Some time after this, Genevieve's father and mother went away from
that place, and she parted from Hepsa with many tears in her eyes, and
much grief in her heart. "If I never see you again," she said, "don't
forget we are both going into the gardens up there," and Hepsa always
remembered.
Genevieve was a very quiet girl, but she was always ready to do
something to please her dear mother, and at night brought her father's
slippers from the closet, and placed them ready by his chair. She did,
too, many little things for the servants, who all loved her very dearly;
so when, a few years afterwards, she fell sick, and nothing they could
do for her was able to make her any better, but the doctor said she must
die, they all wept very much, and no comfort or joy could come into
their hearts. But Genevieve gently kissed them, and told them a
beautiful peace had come into her heart, for that, in the night, Christ
often came to her, and told her how the angel was all ready to take her
into his beautiful garden, and teach her out of his great golden books.

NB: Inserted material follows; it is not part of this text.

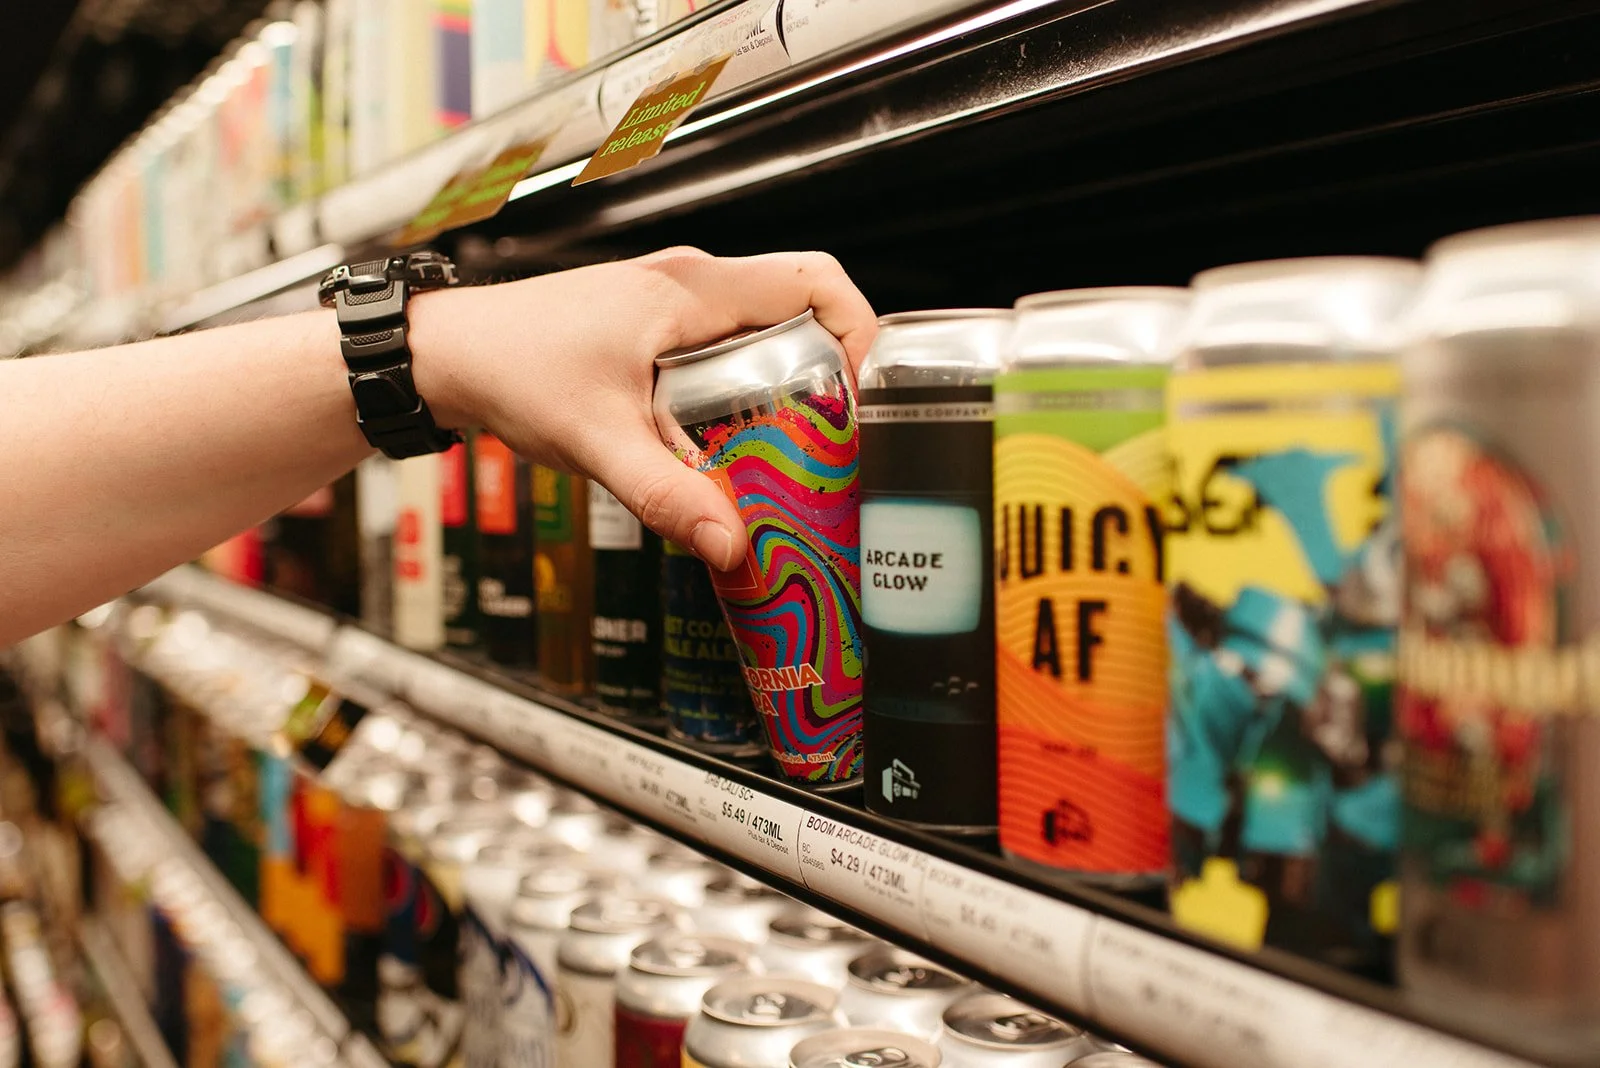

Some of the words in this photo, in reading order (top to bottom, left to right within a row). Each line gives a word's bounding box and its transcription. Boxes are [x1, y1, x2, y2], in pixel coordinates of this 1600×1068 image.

At last, one morning she died, and they laid her away in the garden near
by the fountain; and they planted the mignonette and myrtle, that,
mingling with the moss, it might grow over her grave.
And her mother said in her heart, "Let her lie here, that, as often as I
come hither, I may be reminded of the more beautiful gardens of God,
to which she has flown. And when, in the cool night, the stars look
down, the soft fragrance of the mignonette shall tell them of her
loveliness, and the myrtle and the moss of the constant love twining
together the souls of the mother and the daughter."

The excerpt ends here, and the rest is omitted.